Attackers use flaws in authentication or session management (such as exposed account or session IDs) to impersonate users. Logout, passwords, remember me functions, and account updates can be exposed. Hackers who learn these vulnerabilities in a particular system can retrieve session tokens and do anything the original users had privileges to do. The wide variety of approaches means there’s no one easy fix. Every application should be tested and checked. Perhaps the most reliable solution is contracting with a reputable IT services firm to perform network audits that check the configuration of firewalls, routers, networks, and access permissions.

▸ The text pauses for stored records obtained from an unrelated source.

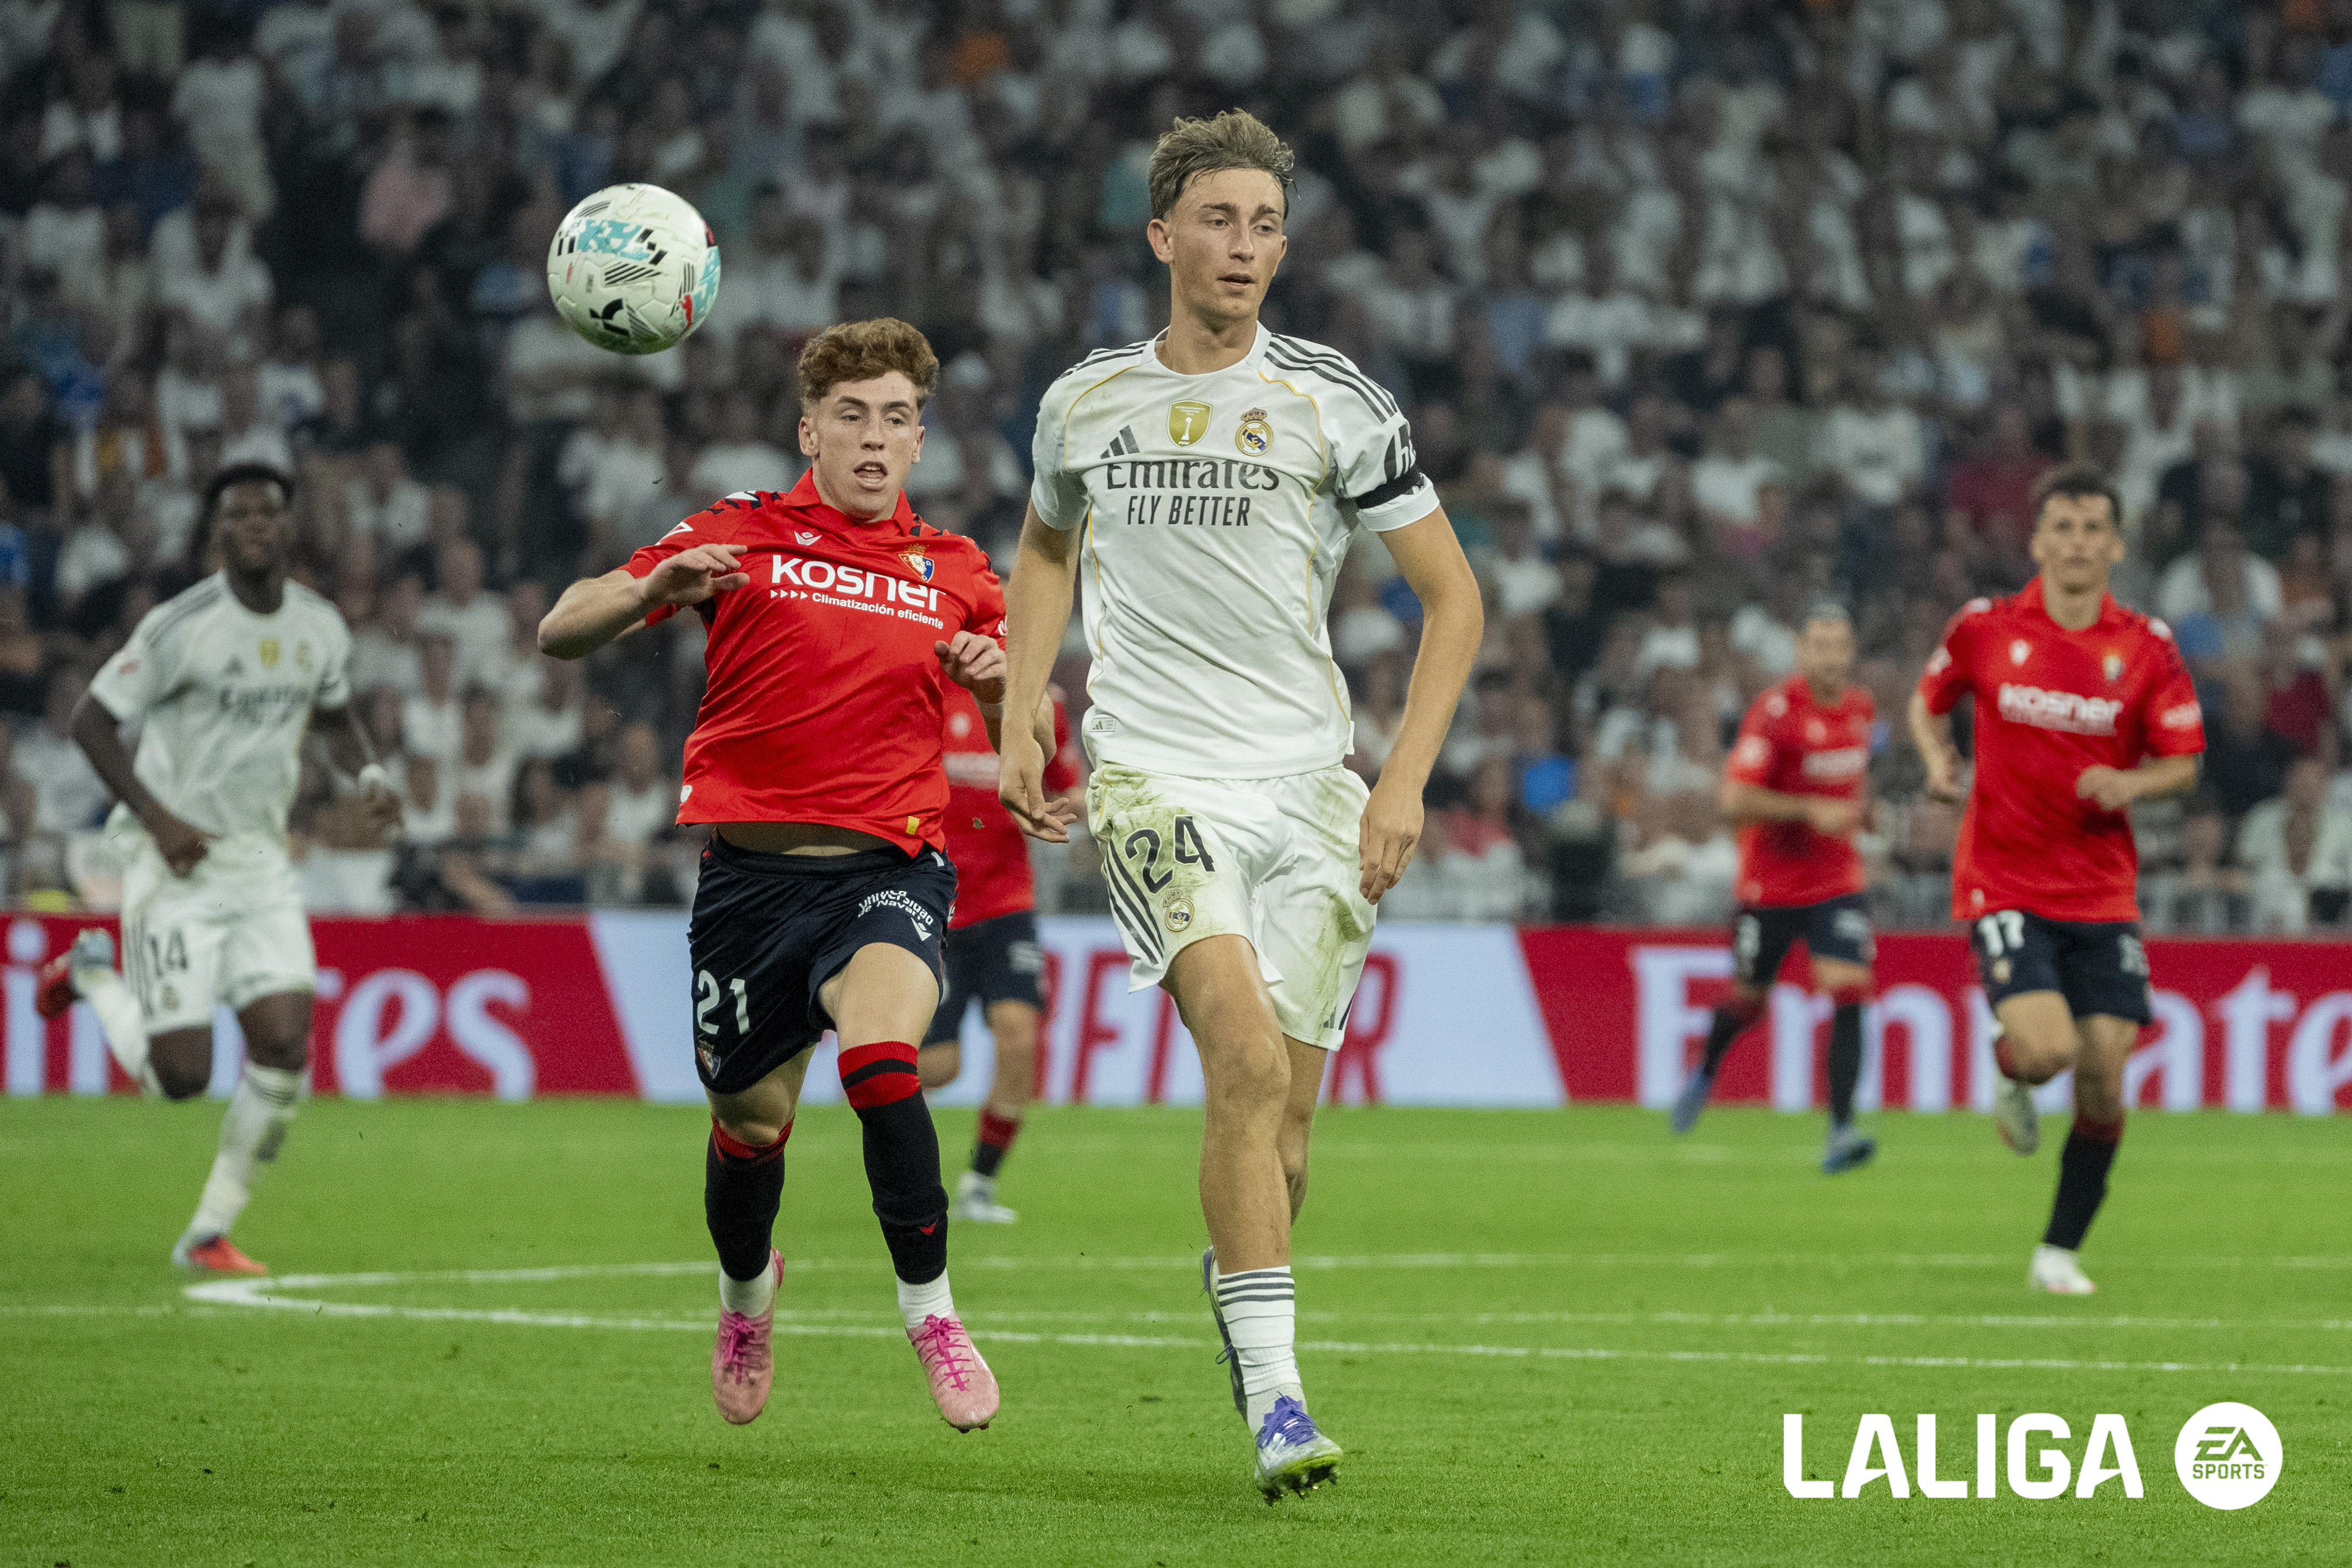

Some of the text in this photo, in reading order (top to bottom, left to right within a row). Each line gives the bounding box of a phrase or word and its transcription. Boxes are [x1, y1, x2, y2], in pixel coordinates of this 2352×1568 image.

[1107, 459, 1279, 491] Emirates
[1127, 495, 1251, 526] FLY BETTER
[812, 593, 943, 629] Climatización eficiente
[1125, 815, 1216, 895] 24
[146, 926, 191, 978] 14
[697, 970, 749, 1035] 21

This is the most common vulnerability and often has to do with simple configuration mistakes:
- Outdated firewall or anti-virus software
- Public applications running in debug mode
- Unused services active in the system
- Routers or other hardware using default credentials
- Not altering default settings on keys, passwords, database, and admin accounts
- Exception handling that could disclose useful system information, such as stack traces
The poor configuration could be found at each level of the application stack. Today’s hackers use automated scanners that can probe a system to discover these weaknesses. Passwords and account names should always be changed, extraneous services disabled, and error information limited.
The vulnerability exists whenever an application is allowed to send untrusted data. SQL, LDAP, XPath, and XML parsers are all areas of concern when arguments are passed. The result of a successful injection attack is usually data theft or denial of service. Despite the high level of awareness, it is still a frequent tactic of cybercriminals.

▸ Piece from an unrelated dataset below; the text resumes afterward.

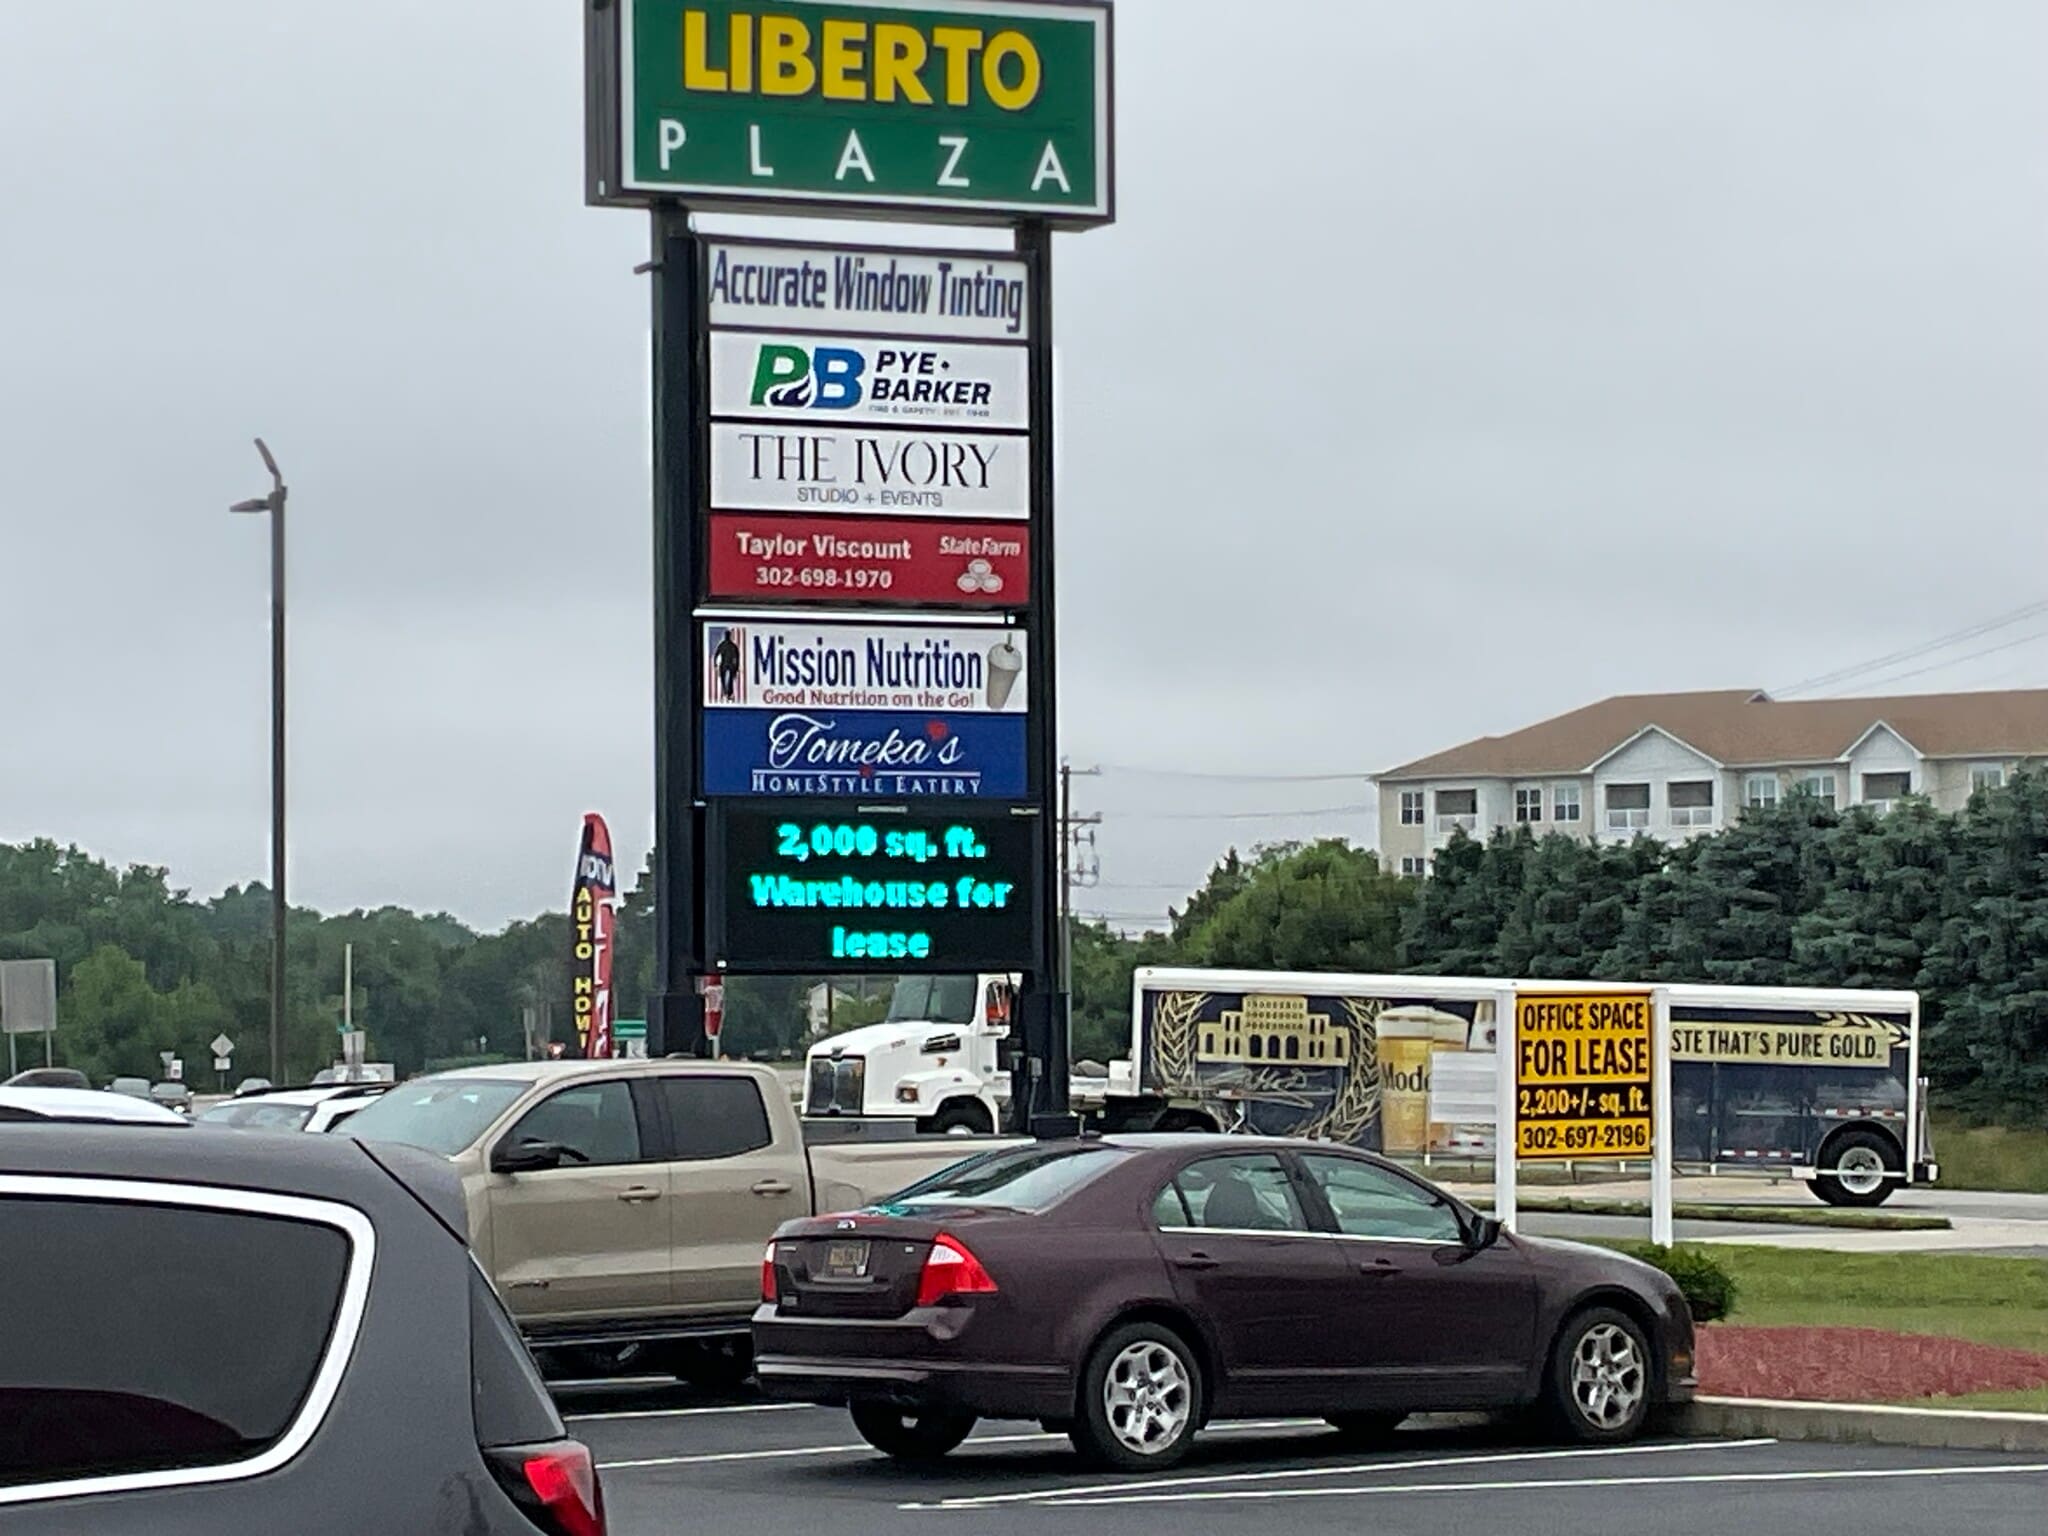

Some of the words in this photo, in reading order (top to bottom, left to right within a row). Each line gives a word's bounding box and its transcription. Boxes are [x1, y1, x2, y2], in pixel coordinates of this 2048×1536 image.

One example is the so called “Bash Bug” affecting Linux and UNIX command-line shells. This has been around for years, but there are many legacy systems where the problem was never addressed. Hackers familiar with this bug can run shell commands against a targeted server with specially crafted variables. Most major vendors provide advice on coding against injection attacks.

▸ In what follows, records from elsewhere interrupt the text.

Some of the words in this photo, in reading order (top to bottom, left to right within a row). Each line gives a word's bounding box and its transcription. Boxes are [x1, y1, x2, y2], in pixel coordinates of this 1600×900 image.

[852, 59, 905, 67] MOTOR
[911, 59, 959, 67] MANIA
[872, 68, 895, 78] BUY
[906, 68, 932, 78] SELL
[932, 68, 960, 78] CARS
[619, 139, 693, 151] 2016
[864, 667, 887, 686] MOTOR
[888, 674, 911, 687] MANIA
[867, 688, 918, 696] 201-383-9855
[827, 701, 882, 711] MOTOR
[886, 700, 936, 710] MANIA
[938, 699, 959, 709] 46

When application data exceeds buffer capacity, overflow to adjacent memory can be overwritten, causing corruption, crashes, or openings for malware. These attacks are harder to exploit; hackers have to know how the target application manages memory, know the specific buffer addresses used, and they must engineer a way to alter content to successfully carry out the attack.
Typically, the hacker sends data in large chunks to an application, watching for the function’s return pointer when undersized buffers are encountered. Increasing buffer size or parsing data is not always an option, leaving us to specifically look for applications with more security foresight in memory management.
Eventually, hackers discover—and share—known weaknesses. But organizations can reduce the risk of breaches by upgrading equipment and applications. Employing multiple levels of up-to-date security as well as having proper data back-ups and firewalls for encryption, is the best way to protect company resources.